== EXERCISE AIM ==
Set the data below down again, exactly, with every picture left out.

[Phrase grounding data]
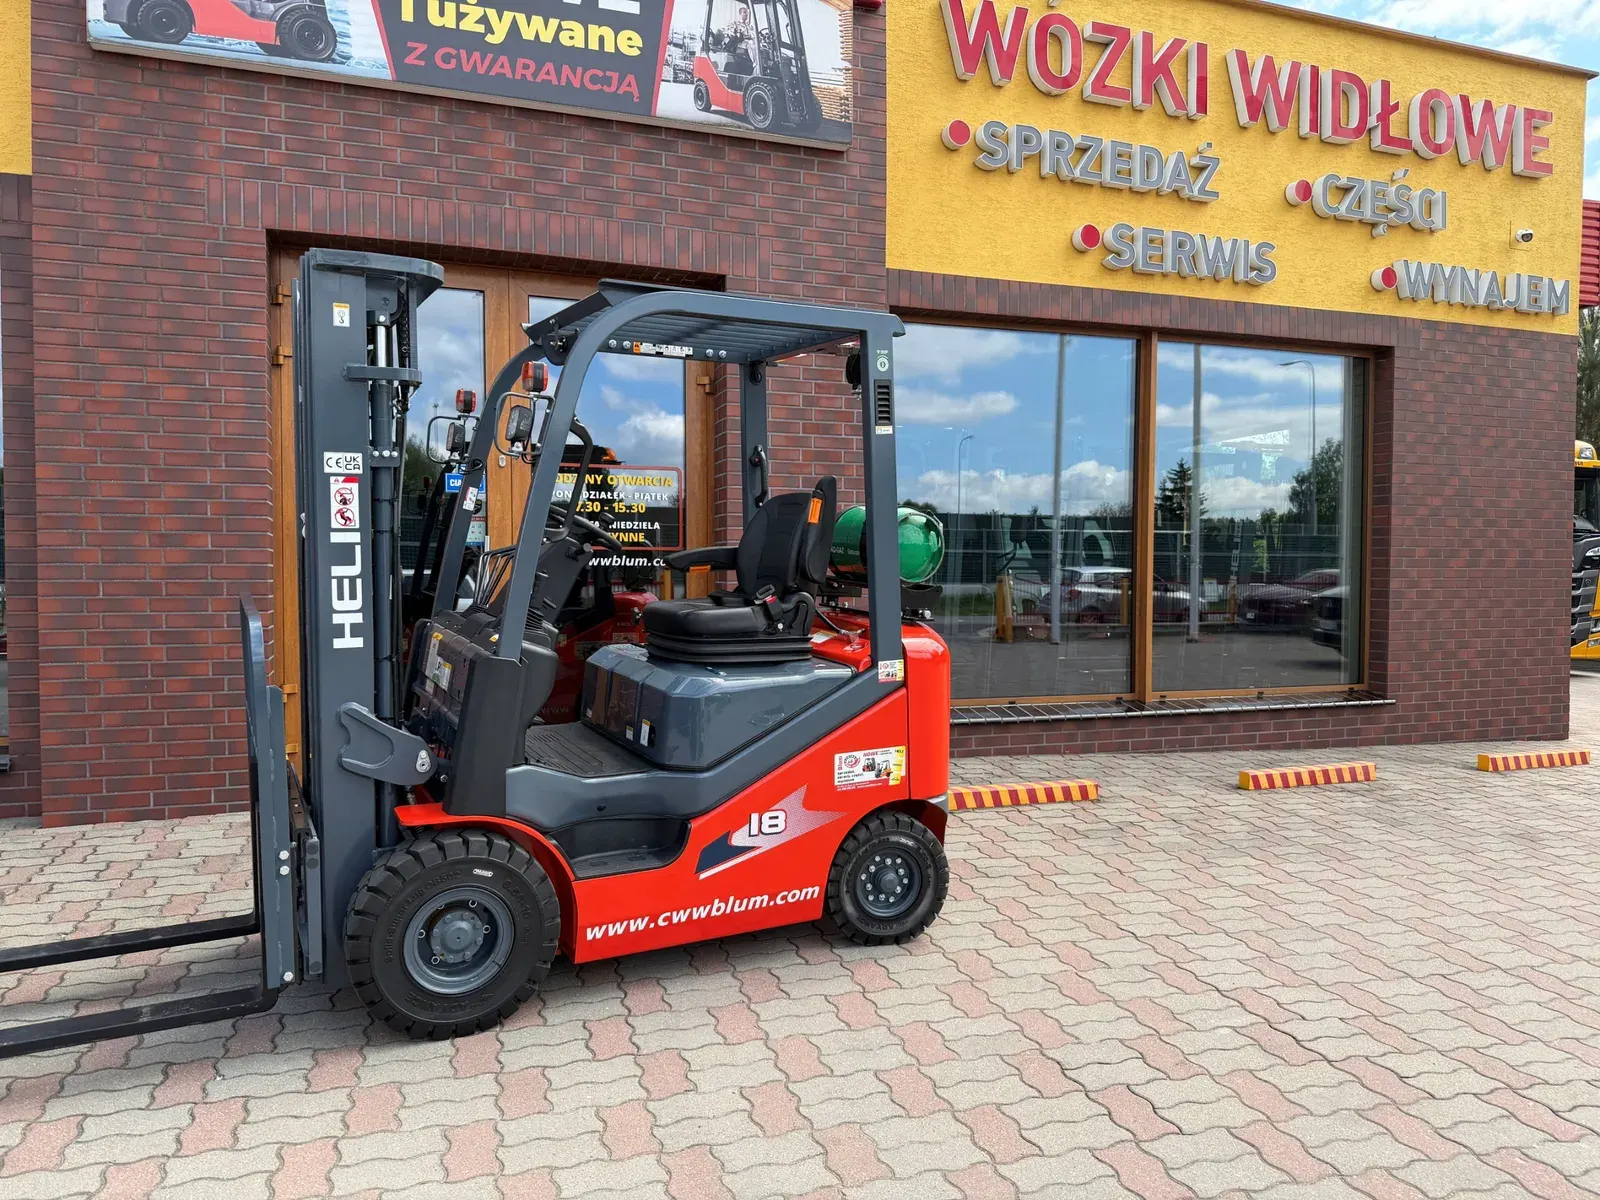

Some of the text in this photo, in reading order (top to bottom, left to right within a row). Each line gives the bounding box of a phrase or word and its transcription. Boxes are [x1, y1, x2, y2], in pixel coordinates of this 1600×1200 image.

[427, 0, 643, 57] używane
[404, 41, 640, 102] Z GWARANCJĄ
[1226, 48, 1553, 178] WIDŁOWE
[975, 121, 1220, 203] SPRZEDAŻ
[1312, 168, 1447, 237] CZĘŚCI
[1102, 222, 1277, 286] SERWIS
[1395, 259, 1570, 316] WYNAJEM
[607, 474, 673, 486] OTWARCIA
[612, 502, 646, 513] 15.30
[634, 492, 669, 502] PIĄTEK
[329, 531, 364, 649] HELI
[749, 810, 787, 837] 18
[586, 885, 820, 941] www.cwwblum.com
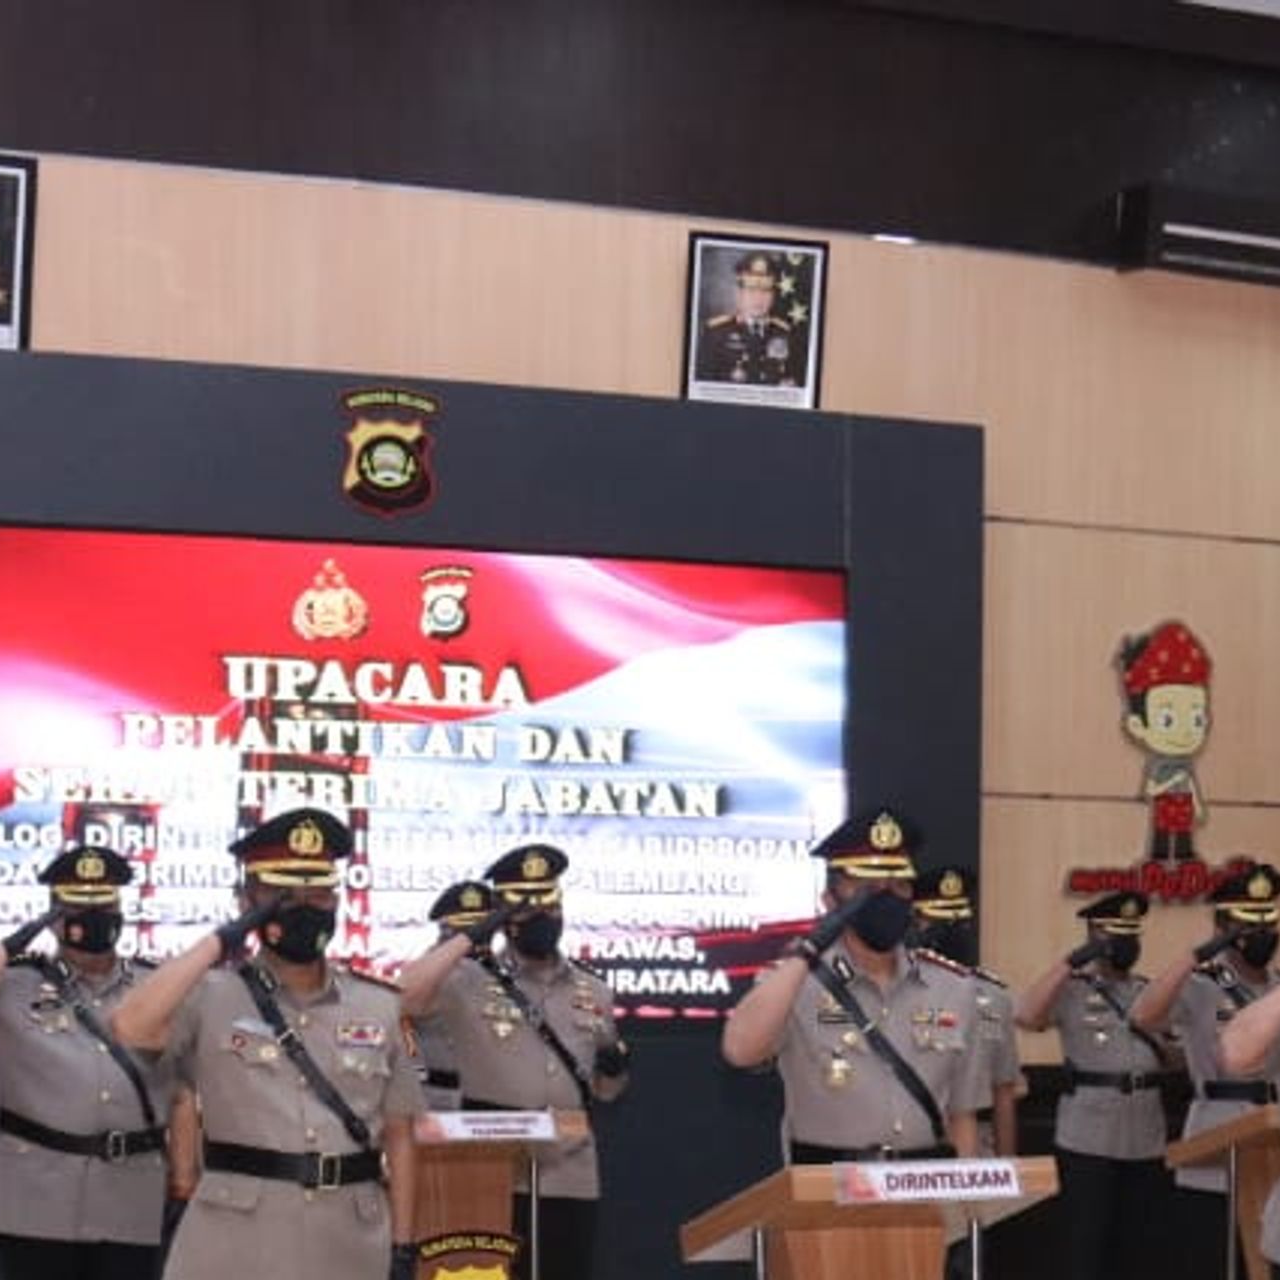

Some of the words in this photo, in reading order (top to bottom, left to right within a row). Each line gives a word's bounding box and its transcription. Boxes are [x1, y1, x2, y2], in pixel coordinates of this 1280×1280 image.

[223, 656, 530, 706] UPACARA
[120, 712, 497, 760] PELANTIKAN
[521, 724, 627, 764] DAN
[13, 767, 200, 804] SER
[478, 777, 720, 817] JABATAN
[592, 936, 705, 962] RAWAS,
[885, 1168, 1014, 1192] DIRINTELKAM
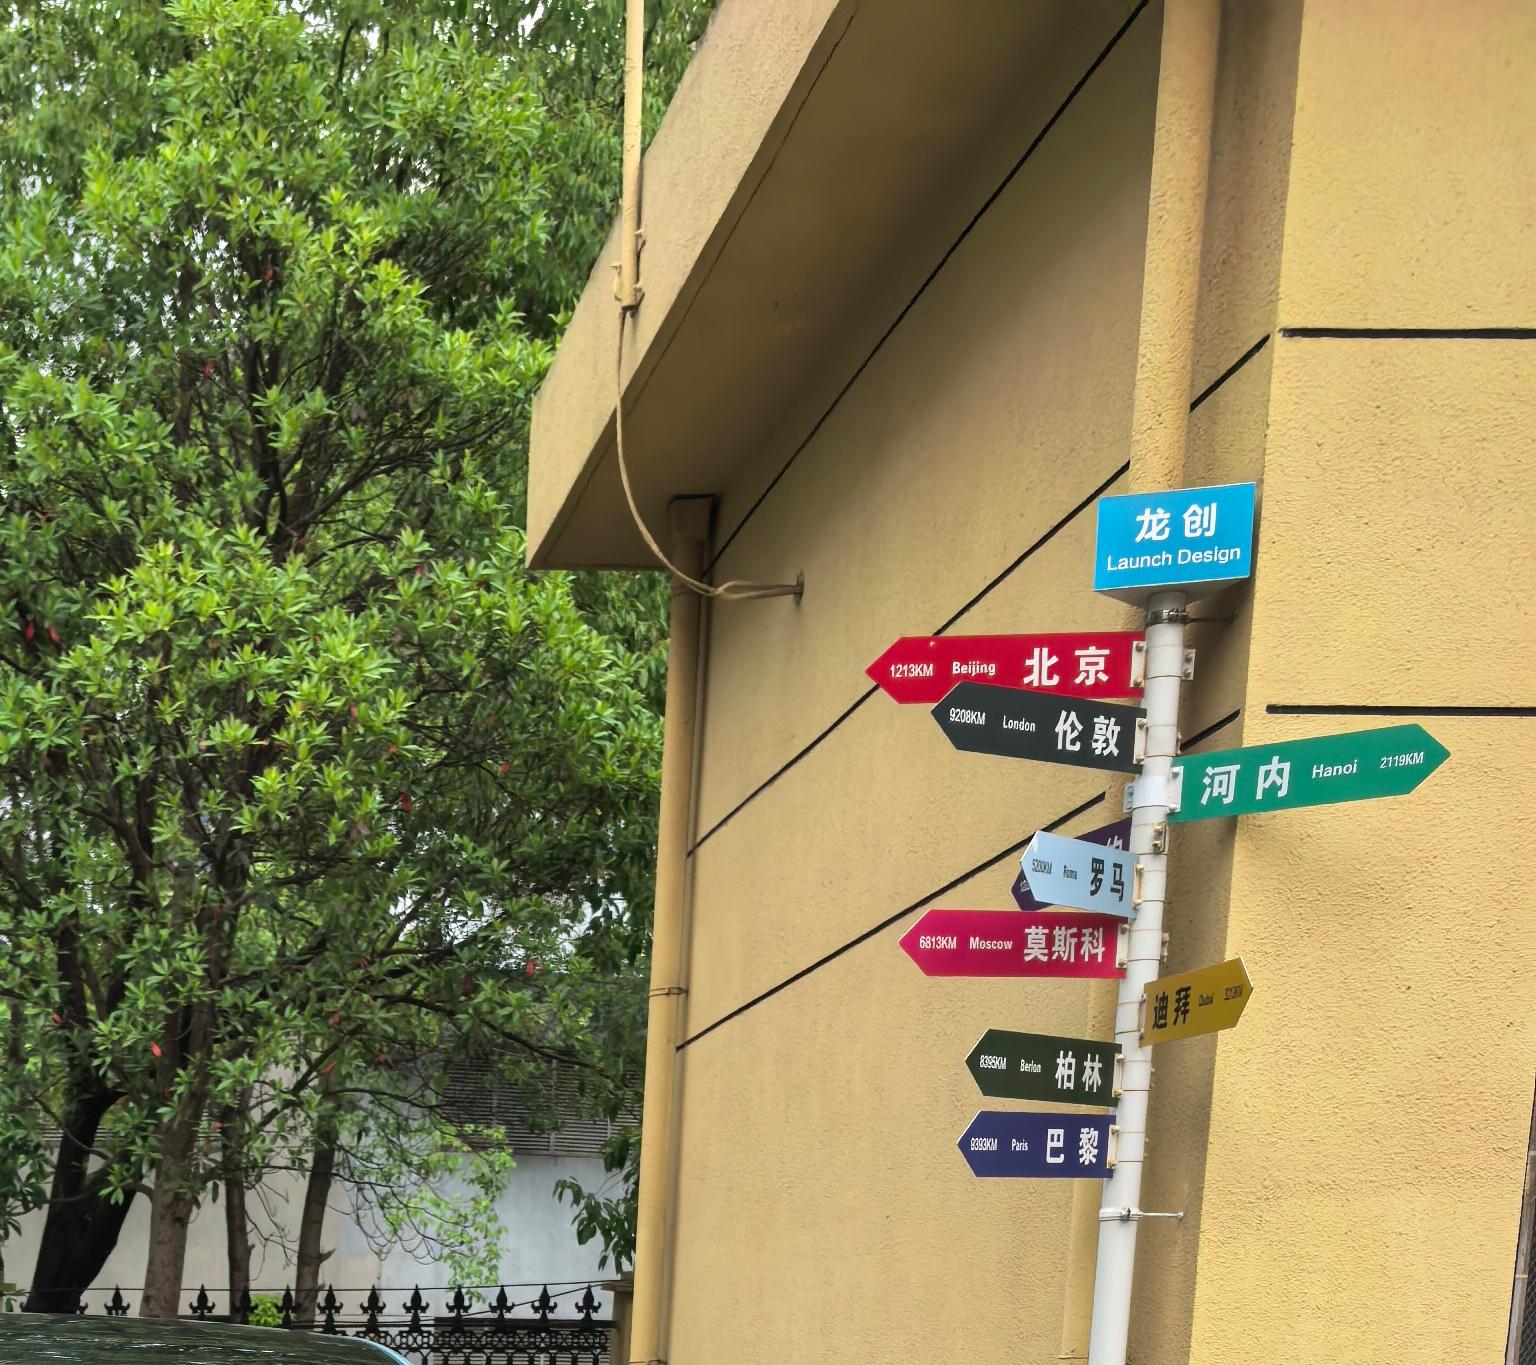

== EXERCISE OUTPUT ==
Some of the text in this photo, in reading order (top to bottom, left to right within a row). Each line gives the bounding box of a phrase or word and its transcription. Boxes are [x1, y1, x2, y2], in pixel coordinates of this 1600×1200 image.

[427, 0, 643, 57] używane
[404, 41, 640, 102] Z GWARANCJĄ
[1226, 48, 1553, 178] WIDŁOWE
[975, 121, 1220, 203] SPRZEDAŻ
[1312, 168, 1447, 237] CZĘŚCI
[1102, 222, 1277, 286] SERWIS
[1395, 259, 1570, 316] WYNAJEM
[607, 474, 673, 486] OTWARCIA
[612, 502, 646, 513] 15.30
[634, 492, 669, 502] PIĄTEK
[329, 531, 364, 649] HELI
[749, 810, 787, 837] 18
[586, 885, 820, 941] www.cwwblum.com

Some of the words in this photo, in reading order (top to bottom, left to right within a row). Each line gives a word's bounding box and its transcription. Boxes are [x1, y1, x2, y2], in pixel coordinates of this 1280×1280 image.

[223, 656, 530, 706] UPACARA
[120, 712, 497, 760] PELANTIKAN
[521, 724, 627, 764] DAN
[13, 767, 200, 804] SER
[478, 777, 720, 817] JABATAN
[592, 936, 705, 962] RAWAS,
[885, 1168, 1014, 1192] DIRINTELKAM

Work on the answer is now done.